И ему необходимо укрепить в них это чувство.

— На другой день после нашего телефонного разговора Лиз Педерсен пришла ко мне в церковь Святой Клары. — Сильвия встала со скамейки, расправила пальто и снова села. — Стояла рядом со мной, помогала приготовить сто двадцать бутербродов с сыром и ветчиной. Завязать контакт было непросто, как ты понимаешь… если человек смотрит в сторону, стыдится.

Он понимал. Десять лет он допрашивал людей. И знал, как стыд убивает доверие.

— Она пошла с нами. Был новогодний вечер, холодно, примерно как сегодня. Но когда пришли на Фридхемсплан, его не было. — Сильвия взяла Миллера за руку. — Я ее предупреждала, с ними никогда точно не знаешь… но, когда мы собрались уходить, он появился.

— Привет.

— Привет.

— Меня зовут Лиз Педерсен. Я мать Янники.

— Они немного поговорили друг с другом, пока мы собирались.

— Я бы хотела пойти с тобой.

— Нет.

— Вниз. К ней.

— Миллер взял свой кофе и бутерброды, зашагал прочь. Она пошла за ним. Плакала, по-моему, даже стукнула его.

— Нельзя.

— Я ее мать!

— Слишком опасно.

Миллер стиснул руку Сильвии, забеспокоился, Свен чувствовал, что разговор может оборваться в любую минуту.

— Она кое-что написала. — Миллер ерзал на скамейке, ему хотелось убраться отсюда. — Руки у нее тряслись, она плакала, а я не люблю, когда люди плачут. — Он встал. — Несколько минут писала. Потом сложила бумажку и отдала мне. — Он покачал головой. — Зря я рассказал тебе, Сильвия.
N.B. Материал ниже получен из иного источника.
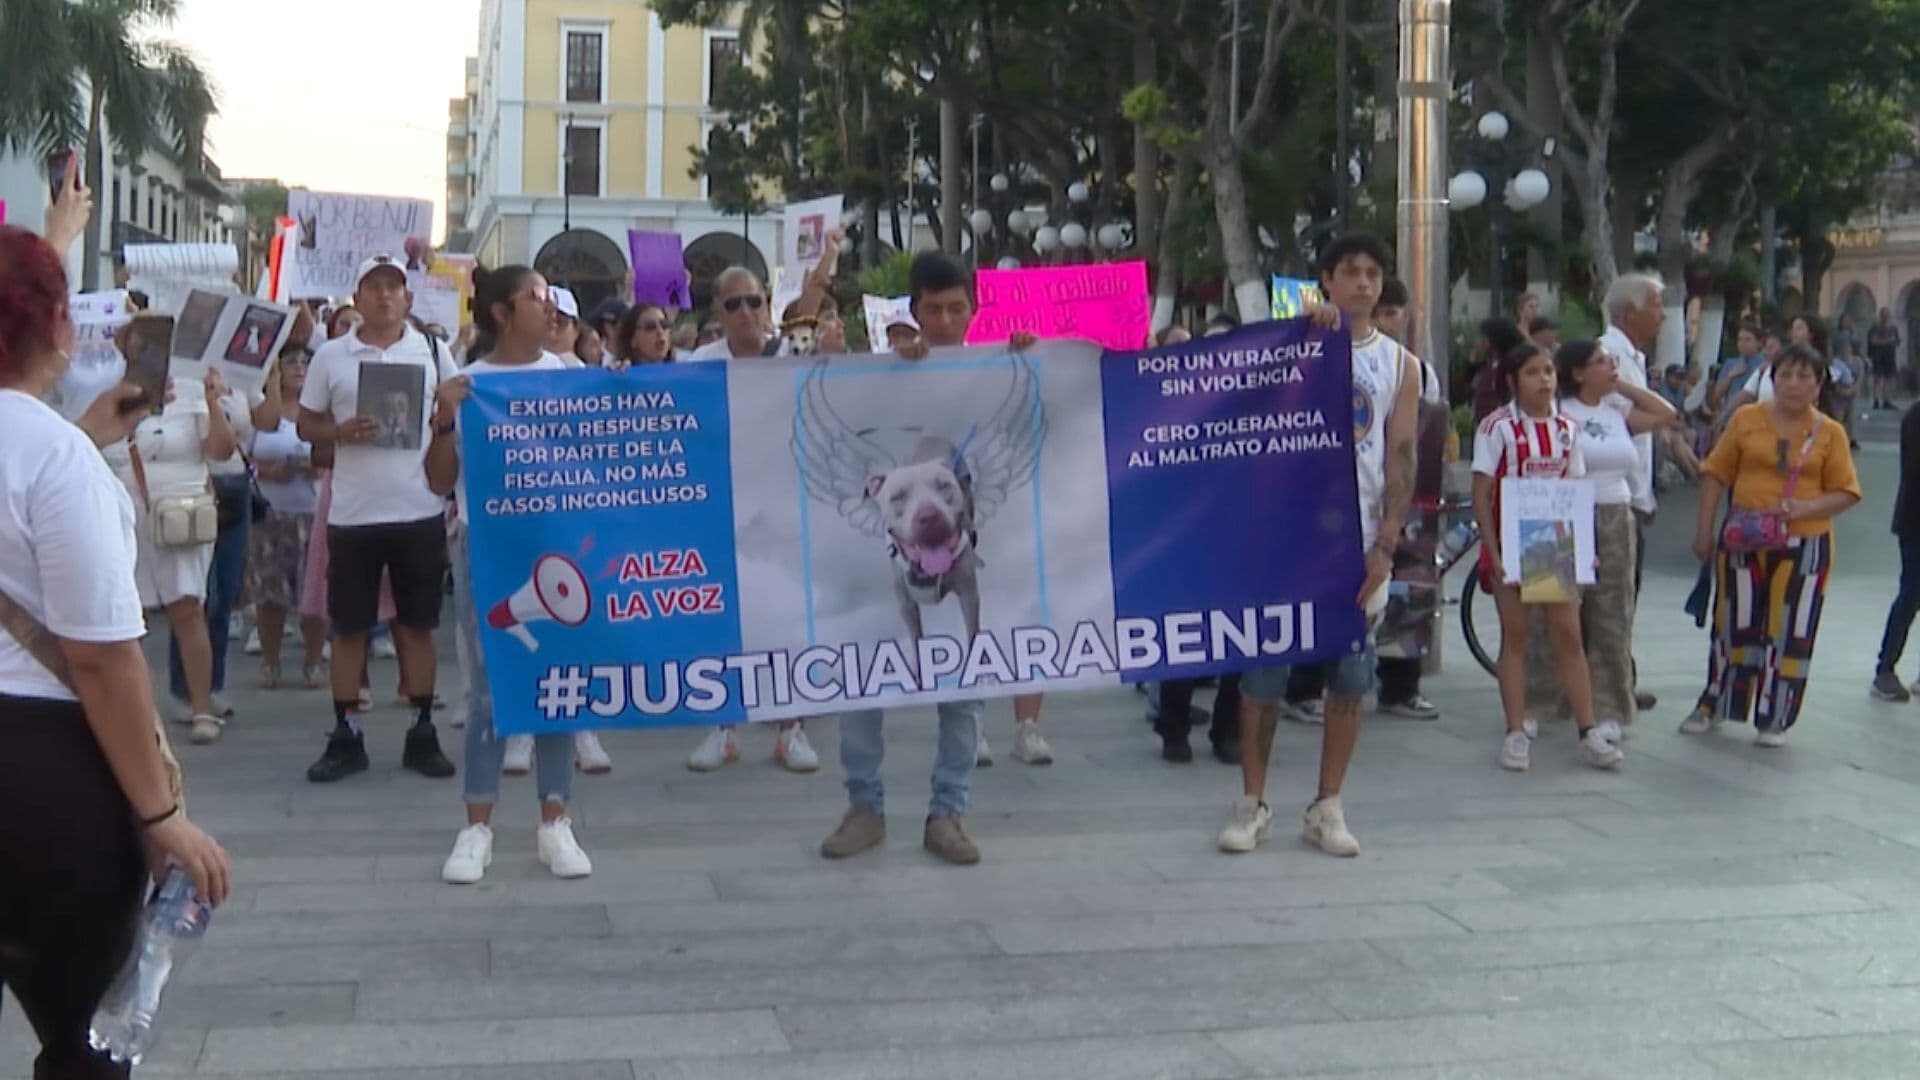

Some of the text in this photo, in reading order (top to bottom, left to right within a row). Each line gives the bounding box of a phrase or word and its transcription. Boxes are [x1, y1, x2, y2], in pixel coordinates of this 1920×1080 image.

Зря говорил с мамой Янники. Зря брал эту чертову записку. — Он неуверенно, нагнувшись вперед, пошел прочь. Свен не стал его догонять — требовать большего, идти следом бесполезно.

Внезапно Миллер остановился.

Замер как вкопанный, только ветер теребил его одежду.

Потом повернулся, пошел обратно.

— Там их много, — сказал он, не глядя на них. — Комната… с одиннадцатью женщинами разного возраста. — Его мучил стыд, ощущение, что он поступает неправильно, предает. — Многие из них… дети… ровесники Янники.